(Entries taken from a collection)
-- Opening Marker --

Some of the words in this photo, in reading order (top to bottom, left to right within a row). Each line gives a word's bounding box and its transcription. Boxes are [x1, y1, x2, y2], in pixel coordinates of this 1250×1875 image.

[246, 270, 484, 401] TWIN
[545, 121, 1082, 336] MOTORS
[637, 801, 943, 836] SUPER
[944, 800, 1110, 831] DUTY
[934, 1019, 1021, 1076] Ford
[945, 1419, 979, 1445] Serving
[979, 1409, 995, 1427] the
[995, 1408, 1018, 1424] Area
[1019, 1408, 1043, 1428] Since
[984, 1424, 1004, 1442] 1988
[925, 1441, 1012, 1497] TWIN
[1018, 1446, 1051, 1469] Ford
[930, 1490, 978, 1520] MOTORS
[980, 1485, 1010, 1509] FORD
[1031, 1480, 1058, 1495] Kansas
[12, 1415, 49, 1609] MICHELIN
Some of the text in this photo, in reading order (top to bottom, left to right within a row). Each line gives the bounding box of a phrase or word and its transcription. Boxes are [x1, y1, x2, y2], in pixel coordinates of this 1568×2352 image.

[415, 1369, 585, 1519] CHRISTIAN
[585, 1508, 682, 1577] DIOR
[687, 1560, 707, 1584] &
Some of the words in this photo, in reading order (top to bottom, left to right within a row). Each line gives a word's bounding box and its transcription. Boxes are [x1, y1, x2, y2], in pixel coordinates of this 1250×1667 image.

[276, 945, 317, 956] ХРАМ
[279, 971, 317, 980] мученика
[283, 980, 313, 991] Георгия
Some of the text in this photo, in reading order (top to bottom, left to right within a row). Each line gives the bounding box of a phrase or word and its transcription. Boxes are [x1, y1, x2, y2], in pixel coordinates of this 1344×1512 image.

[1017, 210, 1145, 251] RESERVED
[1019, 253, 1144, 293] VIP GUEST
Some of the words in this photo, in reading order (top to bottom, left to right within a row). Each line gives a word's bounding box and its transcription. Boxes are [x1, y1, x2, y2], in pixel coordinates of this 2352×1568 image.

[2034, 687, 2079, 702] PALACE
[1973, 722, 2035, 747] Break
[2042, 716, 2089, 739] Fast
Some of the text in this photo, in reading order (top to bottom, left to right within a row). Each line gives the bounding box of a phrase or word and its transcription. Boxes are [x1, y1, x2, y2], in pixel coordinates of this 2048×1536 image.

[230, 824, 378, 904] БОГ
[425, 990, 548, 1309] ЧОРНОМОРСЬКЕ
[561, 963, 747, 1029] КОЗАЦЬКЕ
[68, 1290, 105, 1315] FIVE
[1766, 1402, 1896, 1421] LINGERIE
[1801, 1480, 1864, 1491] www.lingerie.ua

-- Closing Marker --

— Task goal —
Each line of the data above must be restated word for word.

— Exercise response —
Some of the words in this photo, in reading order (top to bottom, left to right within a row). Each line gives a word's bounding box and its transcription. Boxes are [x1, y1, x2, y2], in pixel coordinates of this 1250×1875 image.

[246, 270, 484, 401] TWIN
[545, 121, 1082, 336] MOTORS
[637, 801, 943, 836] SUPER
[944, 800, 1110, 831] DUTY
[934, 1019, 1021, 1076] Ford
[945, 1419, 979, 1445] Serving
[979, 1409, 995, 1427] the
[995, 1408, 1018, 1424] Area
[1019, 1408, 1043, 1428] Since
[984, 1424, 1004, 1442] 1988
[925, 1441, 1012, 1497] TWIN
[1018, 1446, 1051, 1469] Ford
[930, 1490, 978, 1520] MOTORS
[980, 1485, 1010, 1509] FORD
[1031, 1480, 1058, 1495] Kansas
[12, 1415, 49, 1609] MICHELIN
Some of the text in this photo, in reading order (top to bottom, left to right within a row). Each line gives the bounding box of a phrase or word and its transcription. Boxes are [x1, y1, x2, y2], in pixel coordinates of this 1568×2352 image.

[415, 1369, 585, 1519] CHRISTIAN
[585, 1508, 682, 1577] DIOR
[687, 1560, 707, 1584] &
Some of the words in this photo, in reading order (top to bottom, left to right within a row). Each line gives a word's bounding box and its transcription. Boxes are [x1, y1, x2, y2], in pixel coordinates of this 1250×1667 image.

[276, 945, 317, 956] ХРАМ
[279, 971, 317, 980] мученика
[283, 980, 313, 991] Георгия
Some of the text in this photo, in reading order (top to bottom, left to right within a row). Each line gives the bounding box of a phrase or word and its transcription. Boxes are [x1, y1, x2, y2], in pixel coordinates of this 1344×1512 image.

[1017, 210, 1145, 251] RESERVED
[1019, 253, 1144, 293] VIP GUEST
Some of the words in this photo, in reading order (top to bottom, left to right within a row). Each line gives a word's bounding box and its transcription. Boxes are [x1, y1, x2, y2], in pixel coordinates of this 2352×1568 image.

[2034, 687, 2079, 702] PALACE
[1973, 722, 2035, 747] Break
[2042, 716, 2089, 739] Fast
Some of the text in this photo, in reading order (top to bottom, left to right within a row). Each line gives the bounding box of a phrase or word and its transcription. Boxes are [x1, y1, x2, y2], in pixel coordinates of this 2048×1536 image.

[230, 824, 378, 904] БОГ
[425, 990, 548, 1309] ЧОРНОМОРСЬКЕ
[561, 963, 747, 1029] КОЗАЦЬКЕ
[68, 1290, 105, 1315] FIVE
[1766, 1402, 1896, 1421] LINGERIE
[1801, 1480, 1864, 1491] www.lingerie.ua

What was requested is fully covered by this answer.